The commission members said that religious congregations benefit teenagers by affirming who they are, expecting a lot from them and giving them opportunities to show what they can do. These are not exactly earthshaking observations; as the panel noted, the same could be said of clubs, sports teams and other youth organizations (such as the YMCA, which helped pay for the study). What sets religious groups apart, however — and makes a surprisingly big difference to kids, according to the panel — is that they promote a "direct personal relationship with the Divine."

Adolescents, said the Dartmouth group, are "hard-wired to connect" to people and God.

Panels of academics and medical practitioners don't usually refer to "the Divine." But these experts couldn't ignore what the data suggested, in particular two things: Religion or spirituality may influence young people's brain circuits, reducing levels of the stress hormone cortisol, and personal devotion is twice as likely to protect them from risky behavior as it would adults.

"Their brains are changing, their relations with family, friends and the opposite sex are changing, and they're beginning to figure out what their purpose in the world will be," Wilcox says. "We know that people often turn to God in the midst of momentous changes. Adolescents are no different."

Kimbrey Pierce, a Columbia, Md., high-school senior, puts it more simply. "God isn't just a part of my life, He's the whole thing," she says. "I like knowing he is making the best decisions for me. That way I don't worry too much."

• • •

Teen ministry helps church grow

WASHINGTON — On Sundays you can find 100 or more young people hanging out at Glen Mar United Methodist Church, an Ellicott City, Md., congregation that doubled its membership in the 1980s and again in the 1990s and now counts 1,500 active members.

Senior pastor Anders Lunt realized long ago that the way to grow a church was to attract baby boomers and the way to attract boomers was through their kids. The church youth program took off six years ago when its first full-time youth director, D.C. Veale, was hired.

Veale, a bearded, Tolkienesque figure in his early 30s, recruited adults to help him with a struggling group of fewer than 20 regular members. Today he calls on about 30 adult volunteers to lead a youth choir, handbell choir and rock band, a video tech team, plays and scavenger hunts, Bible groups, community service projects and mission trips.

Kids also play major parts in more traditional worship, teaching Sunday school, reading Scripture, and three times a year preaching sermons so popular that people squeeze in at the back of the sanctuary and spill out into the front hall.

Lunt has instructed his congregation that no place is off-limits to the young. When babies cry during a sermon, he has been known to stop mid-sentence to assure parents it's OK.

"I have been in churches where there are no children," the congenial, sandy-haired pastor will say, "and those are awful places."
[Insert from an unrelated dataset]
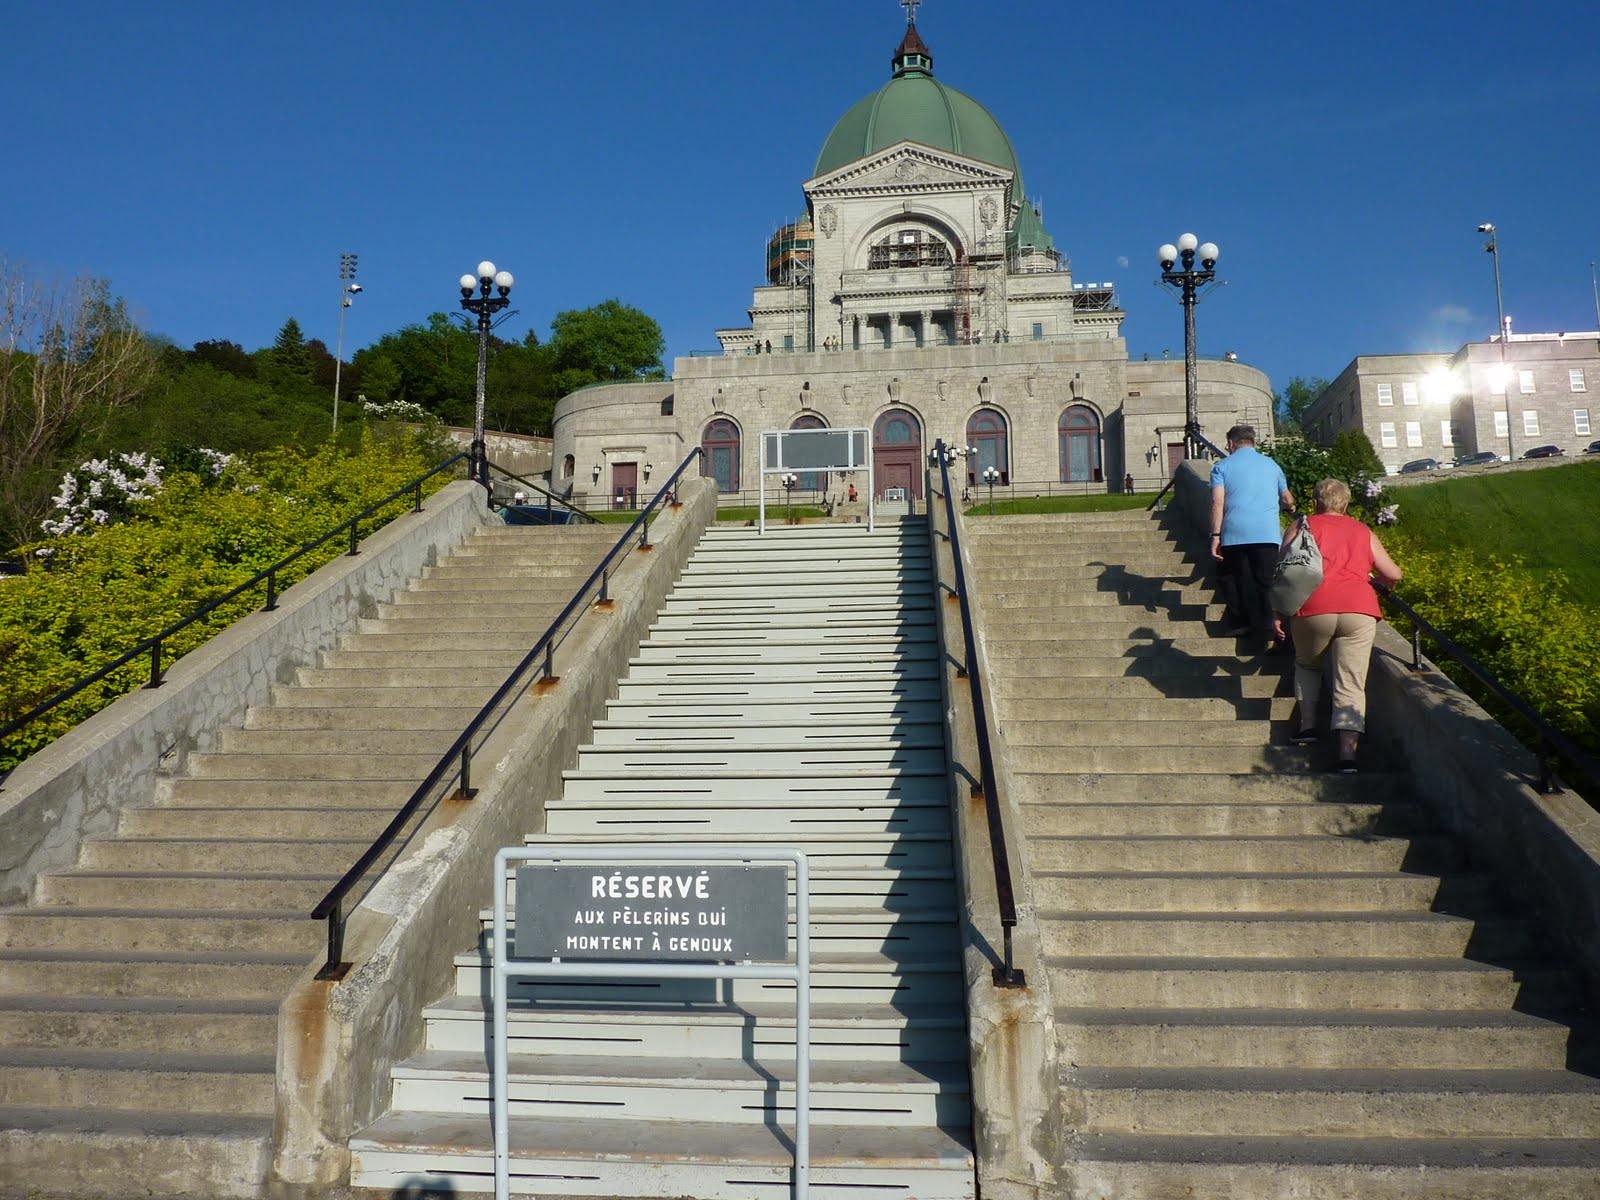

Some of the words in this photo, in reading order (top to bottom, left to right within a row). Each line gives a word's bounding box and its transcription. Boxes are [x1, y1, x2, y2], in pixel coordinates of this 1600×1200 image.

It is Veale's job to keep the children coming, and coming back, even when they wander away as teenagers are wont to do. He drops by soccer games, wrestling matches and school plays. Several years ago, he noticed that a quiet middle-school boy named Andrew Flanigan had been absent for a while, so he called Andrew's mother, Brenda, and asked, "How's Andrew doing? Would he like to go on a trip?"

Andrew, now a high-school senior, is telling this story. In his frayed jeans, T-shirt and fuzzy goatee, he'd easily go unnoticed in any group of kids. Which is how he likes it.

In elementary school he had a stutter and learning problems. "Everyone made fun of me," he says. "Everyone." Then one afternoon in sixth grade he came home to hear Brenda sobbing. His father had walked out on the family without warning.

His grades tanked. Brenda stopped taking him to Glen Mar for a year. (The No. 1 reason kids say they go to church is because their parents take them.)

"I'd be long gone if it weren't for this church," he says. He remembers the night he returned to the youth group after having been away. "Several people said, 'Hey, you're back!' The love I felt coming out of everyone was amazing. The hurt went away for a while."